Five-year collaboration with Eli Lilly and Company will explore health outcomes for people with the disease.
The University of Surrey will work with global healthcare leader Eli Lilly and Company to study the effects of treatment on people with type 2 diabetes, which affects about 95 per cent of those with the disease.
Using routine data gathered from patients undergoing diabetes treatments, the partnership will focus on answering commonly asked clinical questions about the continuum of diabetes care, such as the role and timing of injectable therapy, factors impacting adherence to prescribed medicines and the pattern and rationale of therapy following diagnosis.
The collaboration will initially focus on three key areas: adherence to therapy, triggers for the initiation of injectable therapy, and understanding the perspectives of both the patient and healthcare professional.

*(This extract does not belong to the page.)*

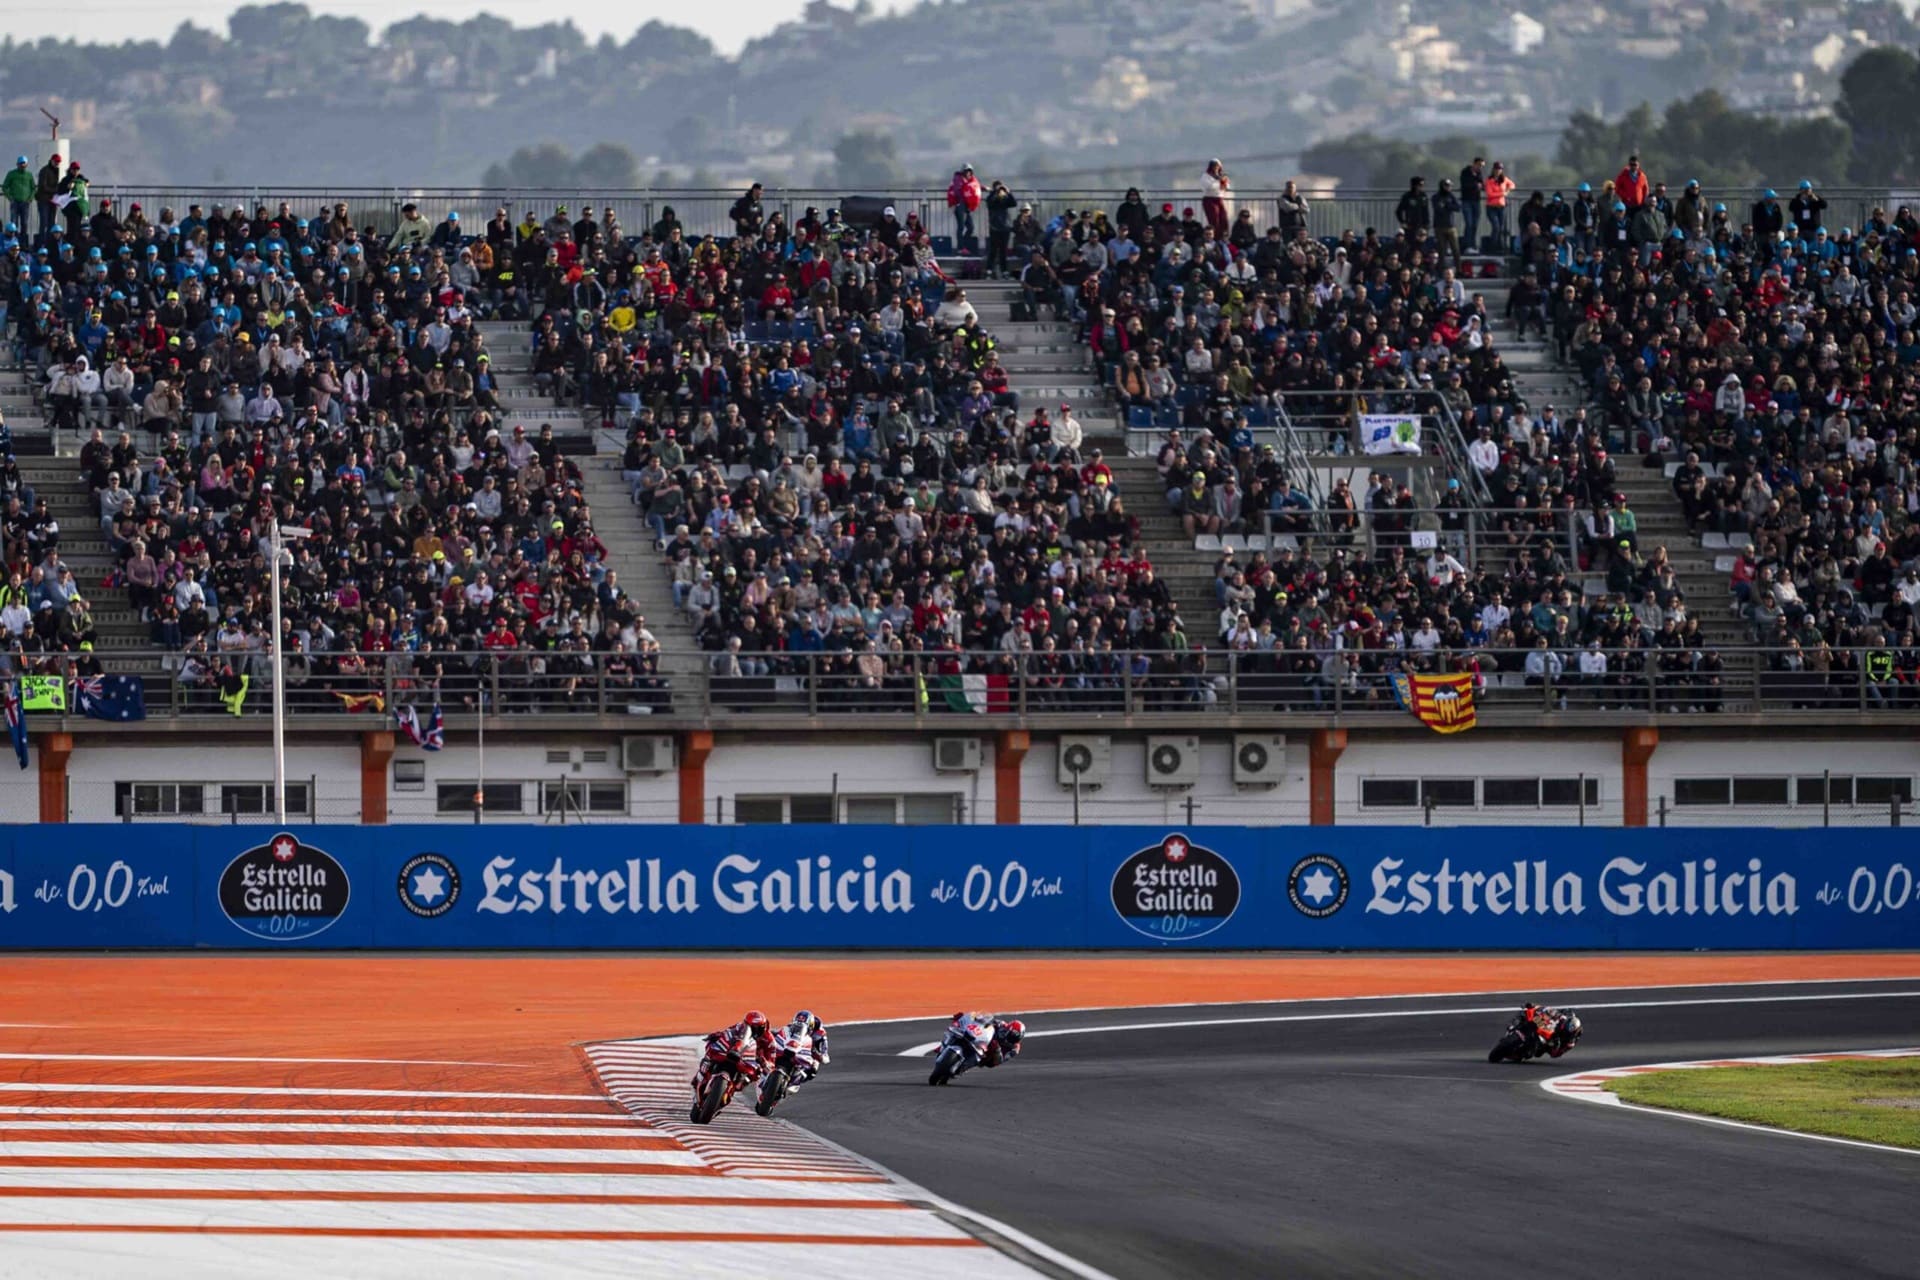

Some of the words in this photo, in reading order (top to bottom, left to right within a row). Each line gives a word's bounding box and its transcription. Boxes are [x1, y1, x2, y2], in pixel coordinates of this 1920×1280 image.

“Diabetes is a complex condition to manage, requiring each patient to be treated and supported in a variety of ways,” said Professor Simon de Lusignan, Head of the Department of Health Care Management and Policy. “Our research uses routine data to help busy clinicians incorporate innovation into routine practice, focusing on those diseases that pose the highest risk. By understanding how effectively individual care plans work, we can learn how to improve and enhance diabetes care more broadly.
“Our aim is to ensure that those suffering with the disease receive treatments that allow them to continue living their lives in the fullest sense, with effective support in place.”
Diabetes remains one of society’s most prevalent diseases. More than 387 million people worldwide have type 1 and type 2 diabetes. Type 2 diabetes is the most common, accounting for an estimated 90 to 95 per cent of all diabetes cases. Diabetes is a chronic disease that occurs when the body either does not properly produce, or use, the hormone insulin.
Dara Schuster MD, Medical Fellow at Eli Lilly and Company, commented: “Diabetes is a long and complex journey for patients and their caregivers, as well as a personal one. It’s important for clinicians to understand each step of that journey so patients can reach optimal outcomes. We are honoured to collaborate with an esteemed institution like the University of Surrey on this important project.”